El 7 de mayo se envió otro aviso al Lusitania en el que se advertía la presencia de submarinos alemanes en la zona sur del canal de Irlanda y al sur del faro de Coningberg. Este aviso se complementó con un informe en que se indicaba que la mañana de ese mismo día se habían avistado submarinos a 5 millas al sur del cabo Clear. Cuando el Lusitania se encontraba en las inmediaciones del cabo Fastnet, se adoptaron a bordo las típicas precauciones de la época al entrar en una zona de riesgo para la navegación, como tener los botes a punto para un rápido arriado, doblaje del servicio de serviolas y una constante comunicación radiotelegráfica con las estaciones costeras irlandesas.

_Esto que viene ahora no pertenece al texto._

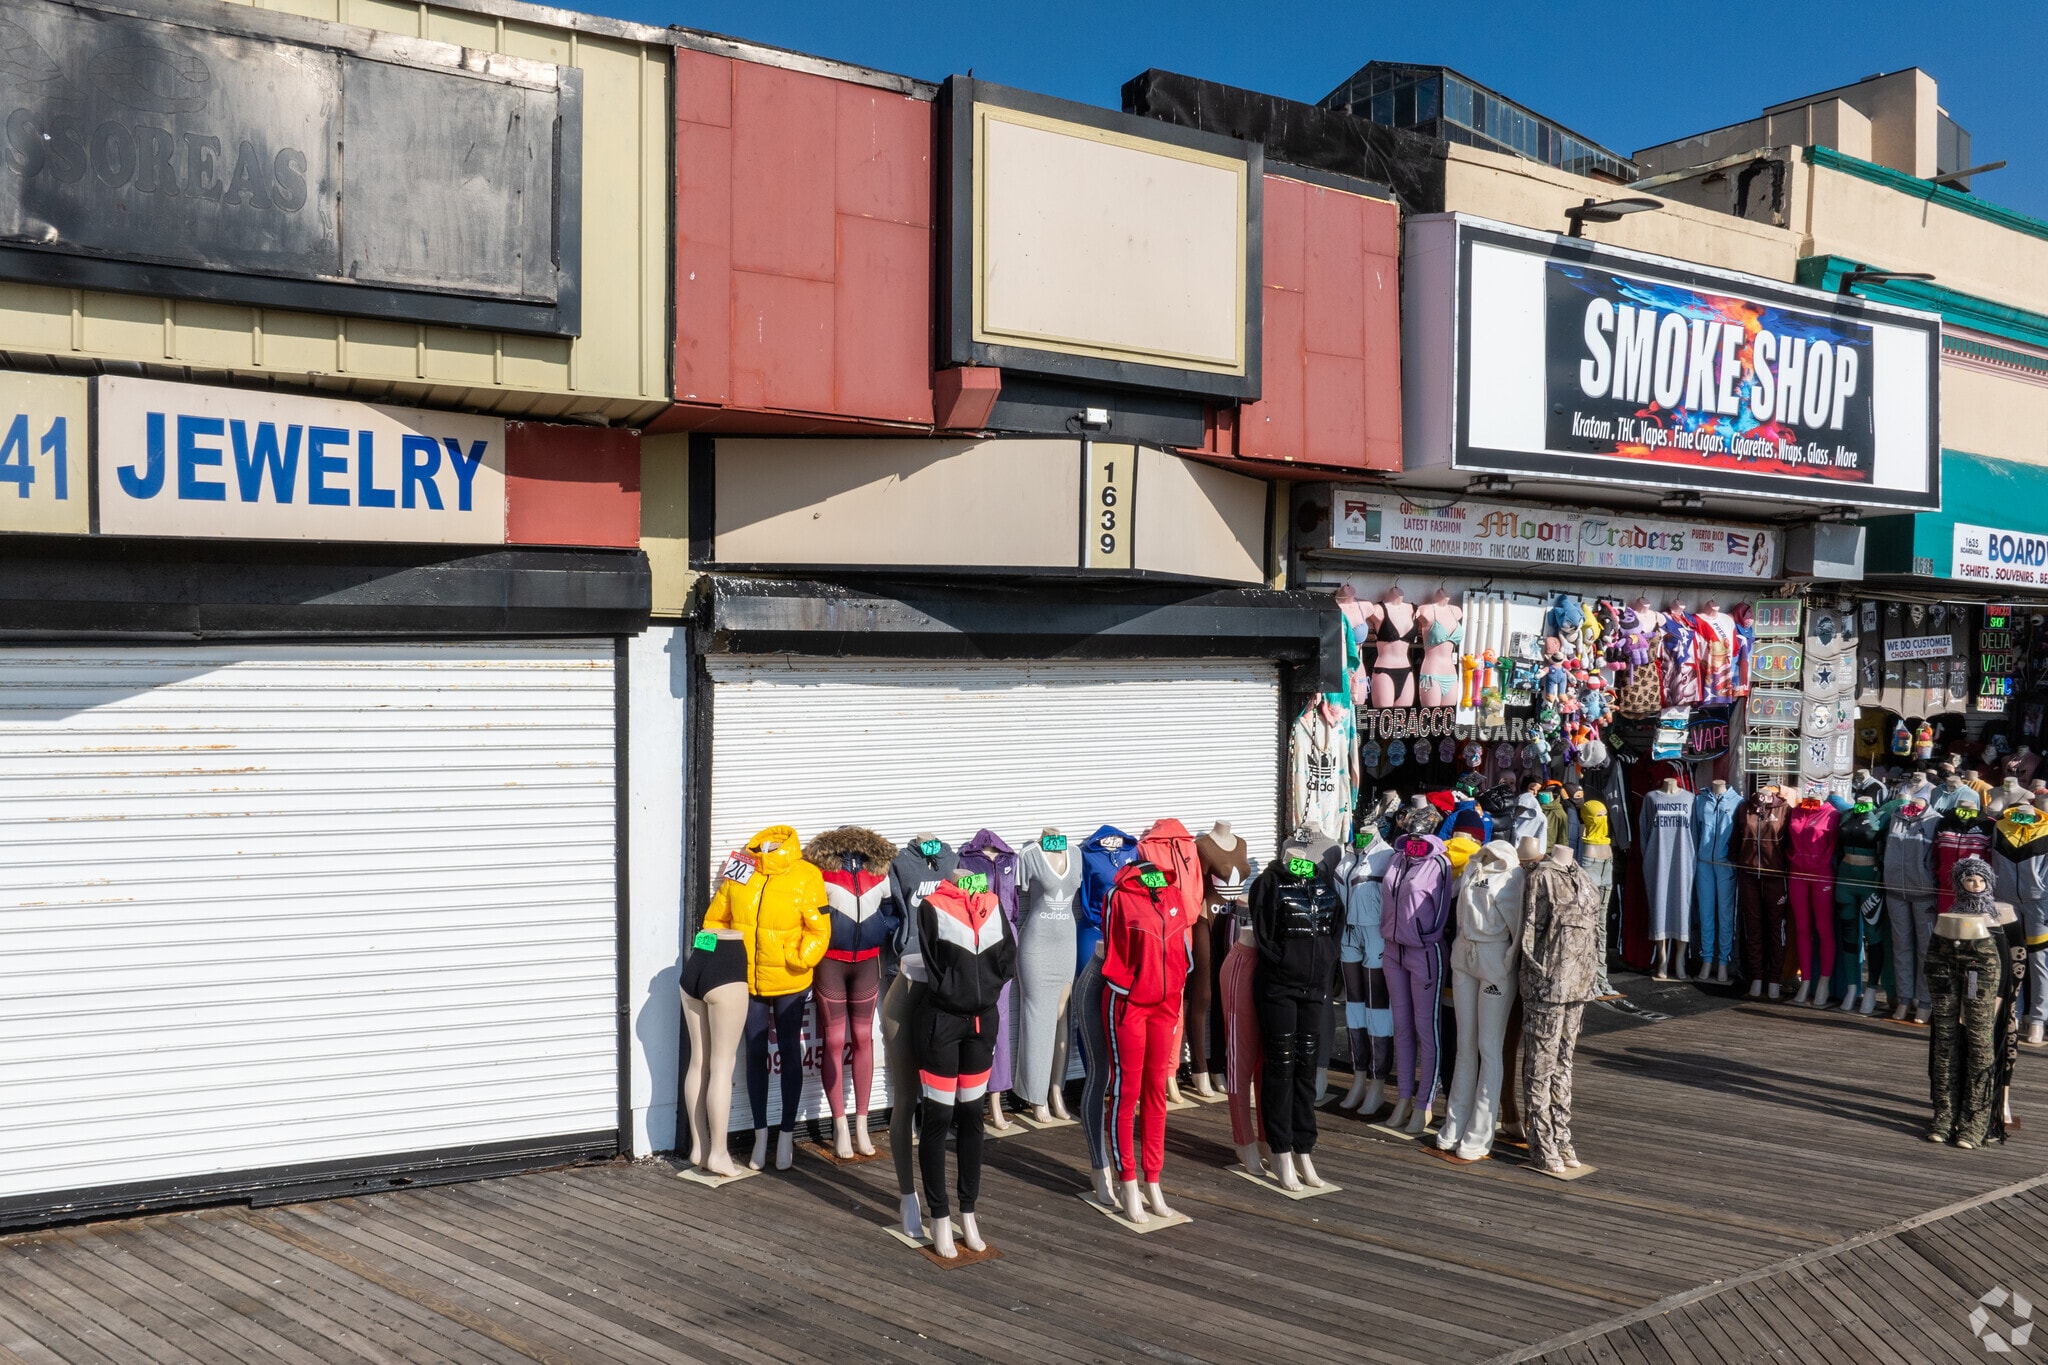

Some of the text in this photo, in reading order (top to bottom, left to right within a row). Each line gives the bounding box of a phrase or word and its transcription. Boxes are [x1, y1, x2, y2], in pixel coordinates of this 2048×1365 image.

[1579, 297, 1859, 431] SMOKE SHOP
[1571, 411, 1857, 468] Kratom THC Vapes Fine Cigars Cigarettes Wraps Glass More
[116, 411, 488, 512] JEWELRY
[1100, 461, 1118, 554] 1639
[1399, 502, 1466, 520] CUSTOM RINTING
[1403, 517, 1462, 534] LATEST FASHION
[1473, 510, 1686, 552] Moon Traders
[1691, 528, 1725, 541] PUERTO RICO
[1965, 537, 1979, 548] 1635
[1390, 535, 1423, 552] TOBACCO
[1430, 539, 1460, 555] HOOKAH
[1463, 541, 1483, 556] PIPES
[1489, 543, 1505, 558] FINE
[1536, 547, 1555, 562] MENS
[1619, 554, 1633, 567] SALT
[1634, 555, 1654, 568] WATER
[1655, 556, 1673, 569] TAFFY
[1676, 558, 1688, 570] CELL
[1690, 558, 1709, 572] PHONE
[1710, 560, 1744, 574] ACCESSORIES
[1699, 542, 1715, 552] ITEMS
[1960, 547, 1983, 556] BOARDWALK
[1988, 533, 2048, 566] BOARD
[1960, 563, 1990, 579] T-SHIRTS
[1995, 567, 2034, 584] SOUVENIRS
[1990, 617, 2005, 628] SHOP
[1886, 636, 1951, 651] WE DO CUSTOMIZE
[1981, 632, 2010, 649] DELTA
[1891, 647, 1948, 659] CHOOSE YOUR PRINT
[1751, 655, 1801, 671] TOBACCO
[1982, 654, 2013, 672] VAPE
[1927, 672, 1944, 686] THIS
[1950, 671, 1965, 684] THIS
[1751, 697, 1801, 716] CIGARS
[1367, 706, 1456, 740] TOBACCO
[1746, 741, 1799, 754] SMOKE SHOP
[1761, 756, 1785, 767] OPEN
[917, 880, 942, 896] NIK
[1861, 892, 1881, 915] NIKE
[1040, 910, 1070, 920] adidas

Sin embargo no consta que el buque se atuviera a la directriz cursada por el Almirantazgo británico con fecha 16 de abril de ese año, en la que se indicaba a los capitanes de todas las embarcaciones que era aconsejable navegar en zigzag cuando se surcaran aguas en las que era de esperar un ataque submarino.
Todos los avisos recibidos a bordo sobre la presencia de submarinos enemigos en la zona fueron tratados con poca consideración por el capitán Turner, quien estaba decidido a recalar en Liverpool dos horas antes de pleamar, por lo que ordenó reducir la velocidad de 27 a 25 nudos, más tarde reducida a 15 nudos debido a los bancos de niebla que había en la zona.
Hacia las 14:00 horas del 7 de mayo de 1915, el comandante Schweiger, al mando del submarino U-20, avistó “un gran buque sin identificar que era susceptible de ser atacado en base a las instrucciones recibidas en los submarinos alemanes, sobre la guerra submarina sin restricciones, dentro de la zona que la circular del Almirantazgo alemán delimitaba”. De ese modo, se iniciaron los preparativos para atacar al buque desconocido y a las 14:10 horas se disparó desde el U-20 un torpedo que se detectó de forma visual desde el Lusitania. Un segundo torpedo certificó el hundimiento del Lusitania, que a las 14:15 horas lanzó el primer mensaje de socorro. El buque británico se hundía definitivamente a las 14:33 horas, 18 minutos después del primer impacto.